Please keep the images out and set down the data exactly as given.

Segment Start: Materials provided

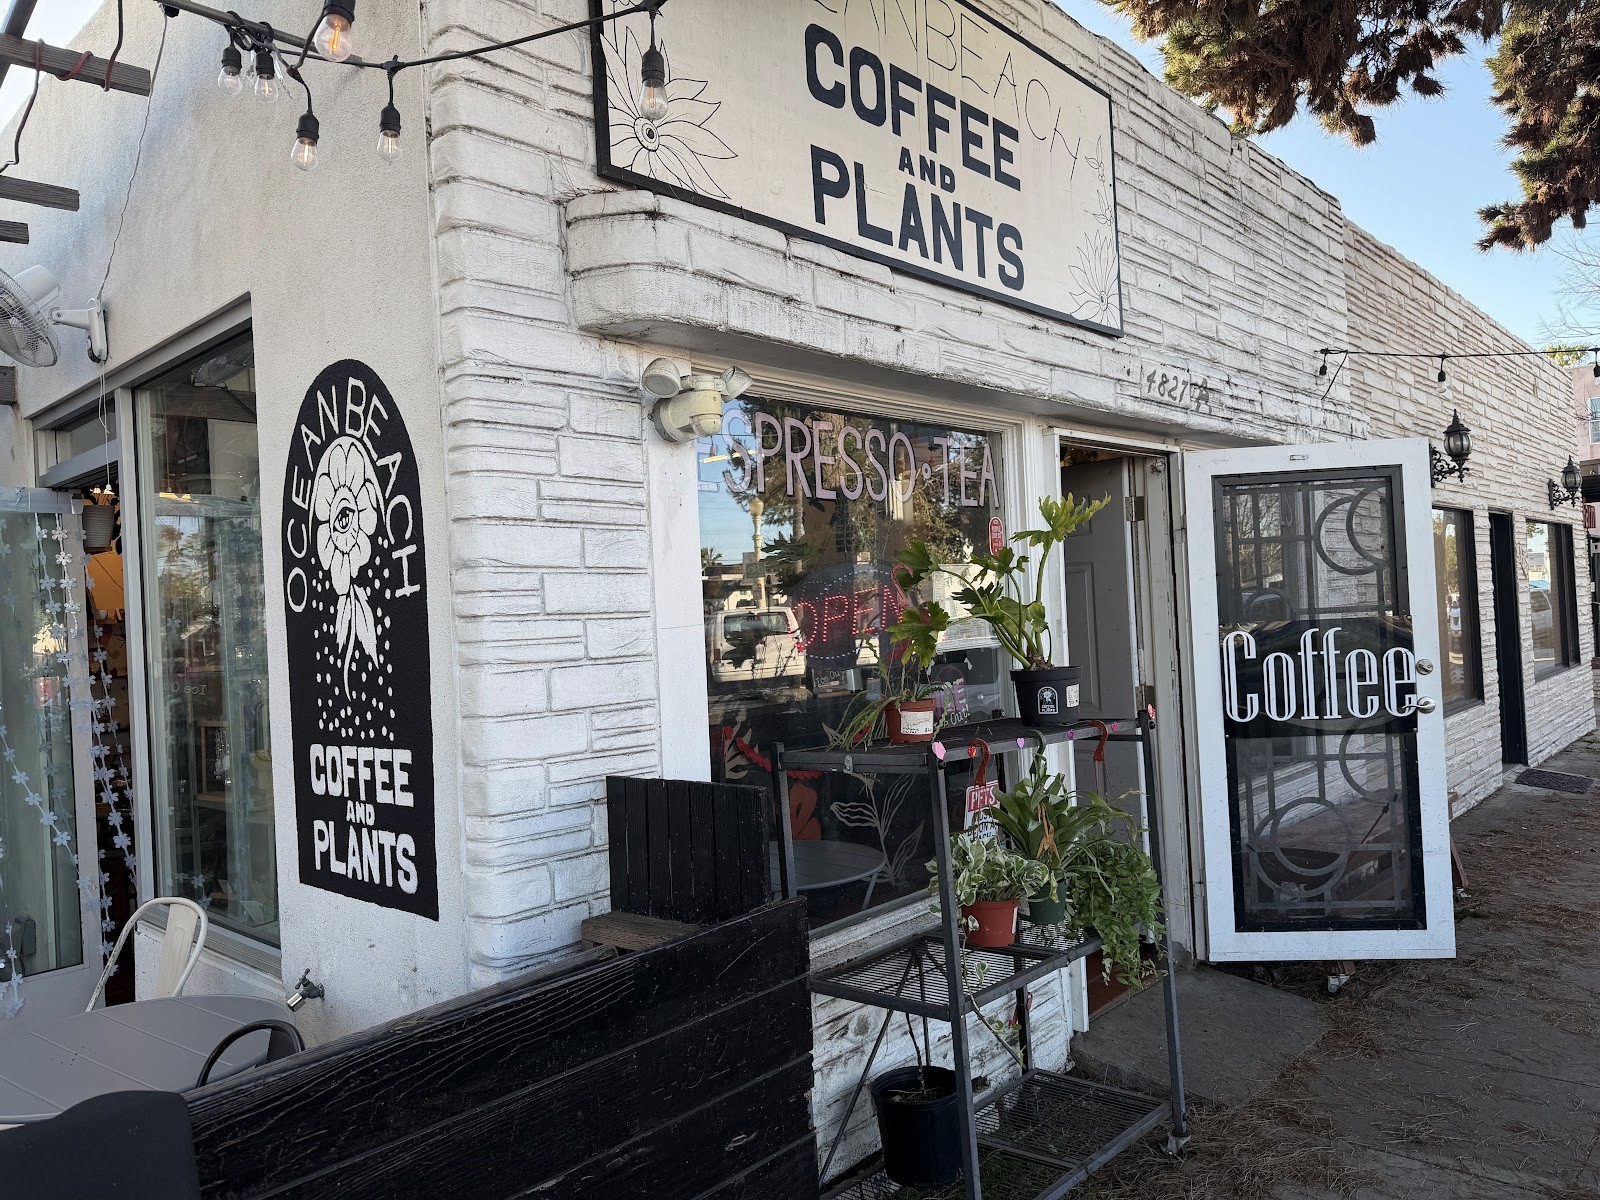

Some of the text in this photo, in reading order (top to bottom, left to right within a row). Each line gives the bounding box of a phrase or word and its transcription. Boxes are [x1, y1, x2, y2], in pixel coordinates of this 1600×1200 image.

[804, 23, 1021, 191] COFFEE
[899, 146, 956, 194] AND
[810, 144, 1025, 292] PLANTS
[1146, 369, 1189, 402] 4827
[933, 435, 1000, 508] TEA
[788, 584, 904, 650] OPEN
[1222, 627, 1418, 723] Coffee
[309, 743, 415, 808] COFFEE
[346, 800, 376, 827] AND
[313, 819, 419, 895] PLANTS

Segment End: Materials provided

> _Written answer_
Some of the text in this photo, in reading order (top to bottom, left to right within a row). Each line gives the bounding box of a phrase or word and its transcription. Boxes are [x1, y1, x2, y2], in pixel coordinates of this 1600×1200 image.

[804, 23, 1021, 191] COFFEE
[899, 146, 956, 194] AND
[810, 144, 1025, 292] PLANTS
[1146, 369, 1189, 402] 4827
[933, 435, 1000, 508] TEA
[788, 584, 904, 650] OPEN
[1222, 627, 1418, 723] Coffee
[309, 743, 415, 808] COFFEE
[346, 800, 376, 827] AND
[313, 819, 419, 895] PLANTS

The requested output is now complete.